◆ Exercise instructions:
Quote all of the data that follows exactly as written, skipping the images.

***** Exercise data *****

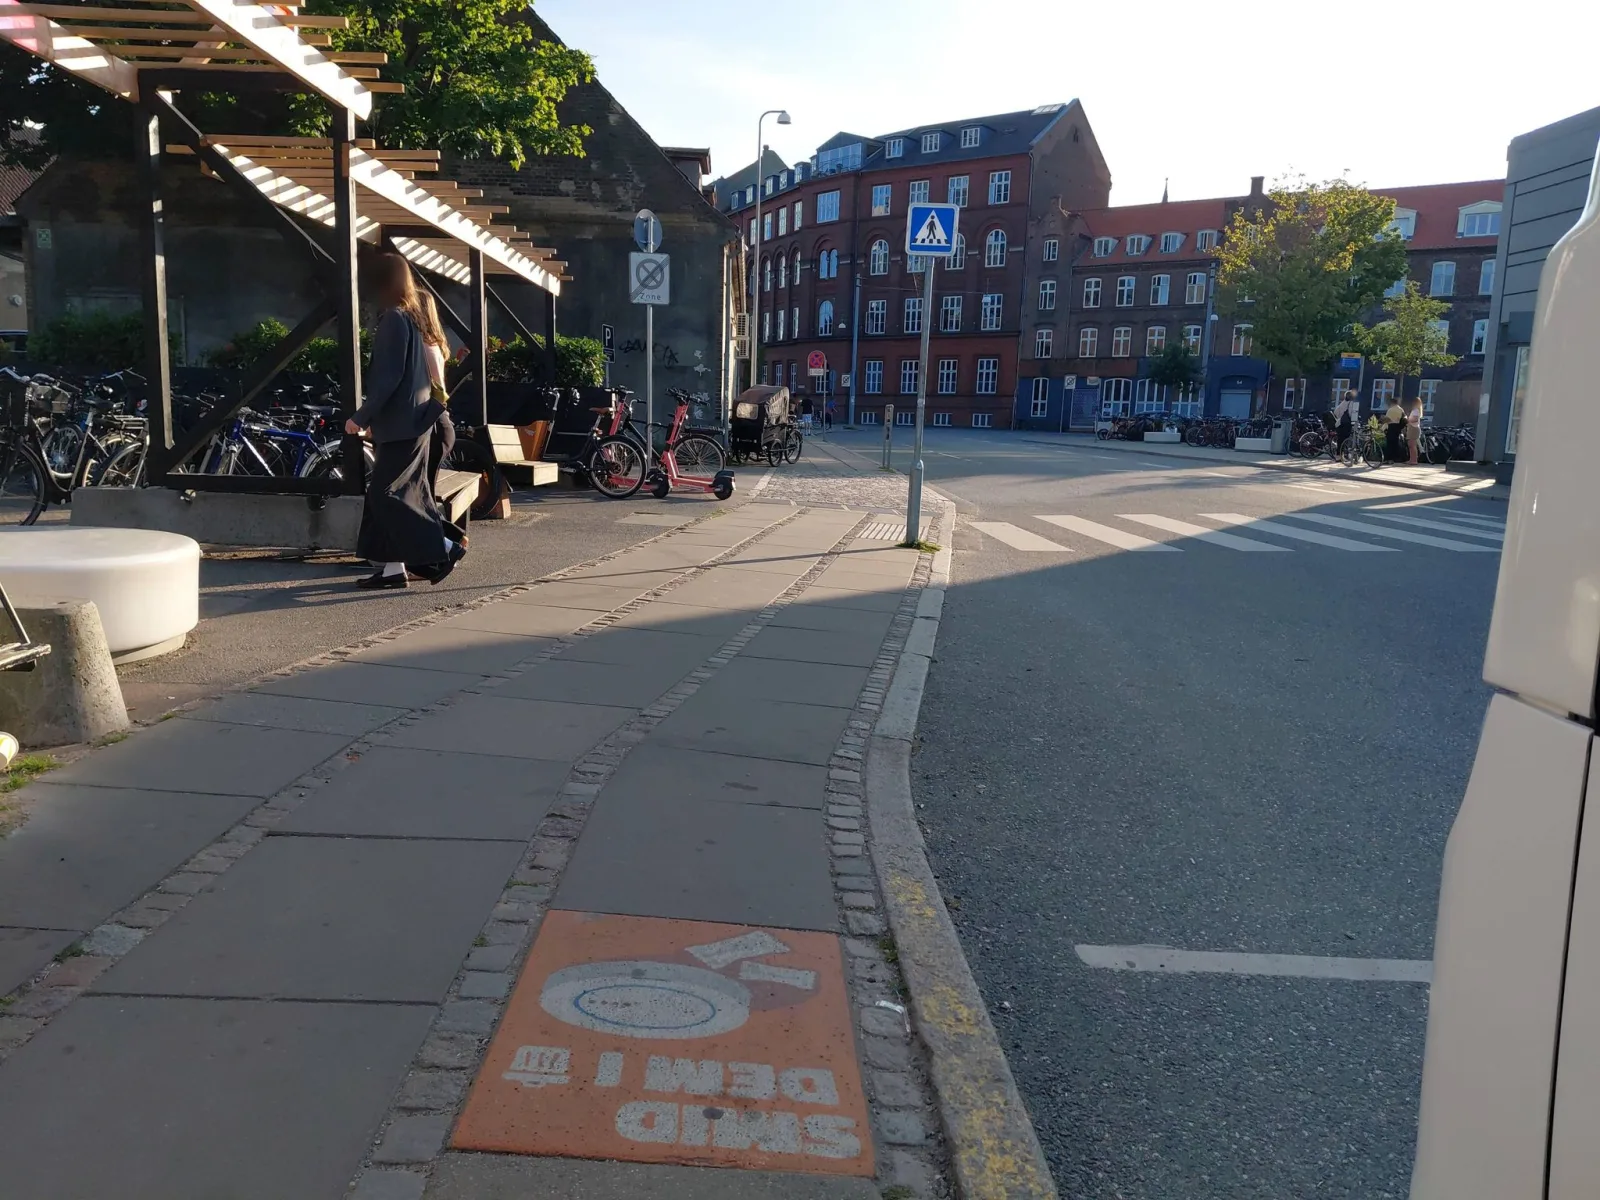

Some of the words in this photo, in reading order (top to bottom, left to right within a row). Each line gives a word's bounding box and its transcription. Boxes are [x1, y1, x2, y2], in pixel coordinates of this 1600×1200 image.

[640, 292, 662, 301] Zone
[605, 327, 611, 347] P
[594, 1050, 624, 1087] I
[643, 1054, 839, 1106] DEM
[615, 1100, 861, 1158] SMID
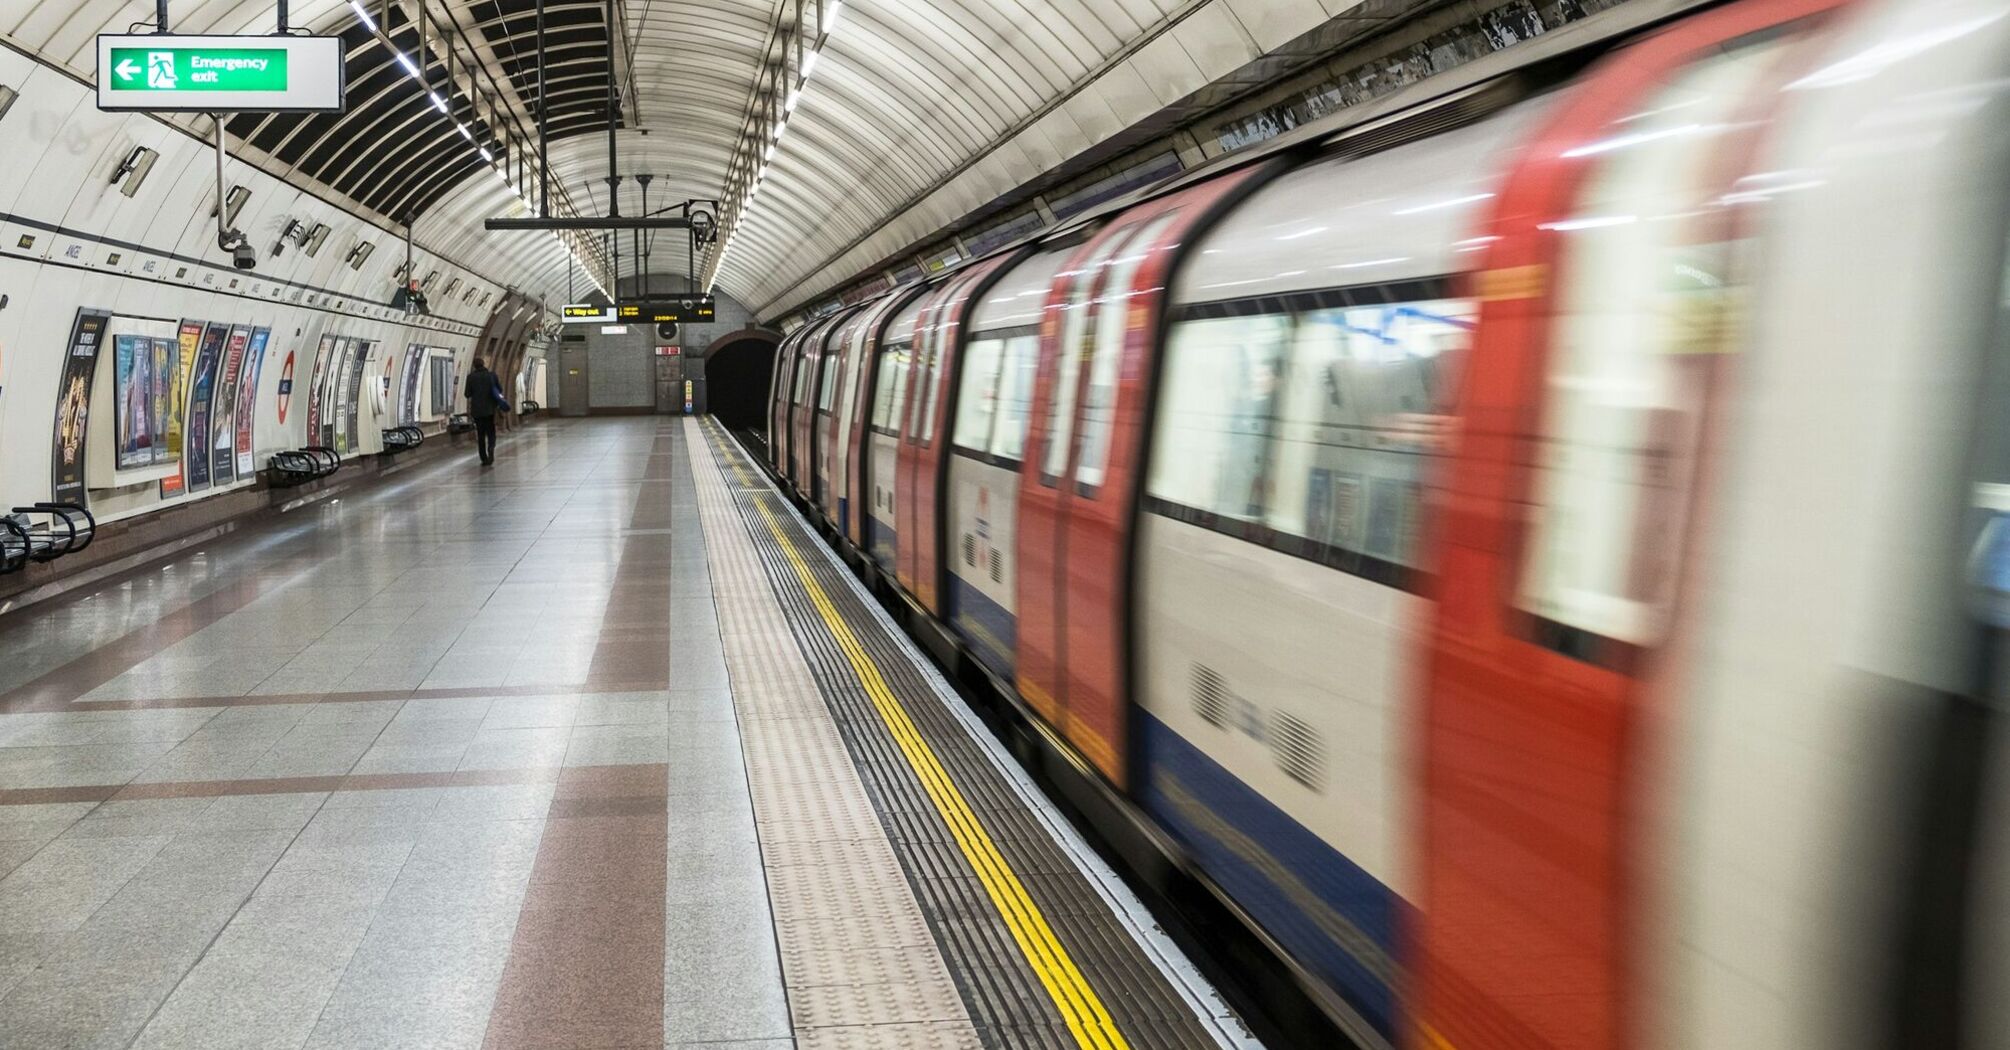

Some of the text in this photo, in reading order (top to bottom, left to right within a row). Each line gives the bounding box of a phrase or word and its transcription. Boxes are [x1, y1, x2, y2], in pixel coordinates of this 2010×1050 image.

[191, 55, 269, 72] Emergency
[191, 70, 219, 82] exit
[572, 308, 600, 317] Way out

*****

◆ Exercise response:
Some of the words in this photo, in reading order (top to bottom, left to right within a row). Each line gives a word's bounding box and its transcription. Boxes are [x1, y1, x2, y2], in pixel coordinates of this 1600×1200 image.

[640, 292, 662, 301] Zone
[605, 327, 611, 347] P
[594, 1050, 624, 1087] I
[643, 1054, 839, 1106] DEM
[615, 1100, 861, 1158] SMID

Some of the text in this photo, in reading order (top to bottom, left to right within a row). Each line gives the bounding box of a phrase or word and its transcription. Boxes are [x1, y1, x2, y2], in pixel coordinates of this 2010×1050 image.

[191, 55, 269, 72] Emergency
[191, 70, 219, 82] exit
[572, 308, 600, 317] Way out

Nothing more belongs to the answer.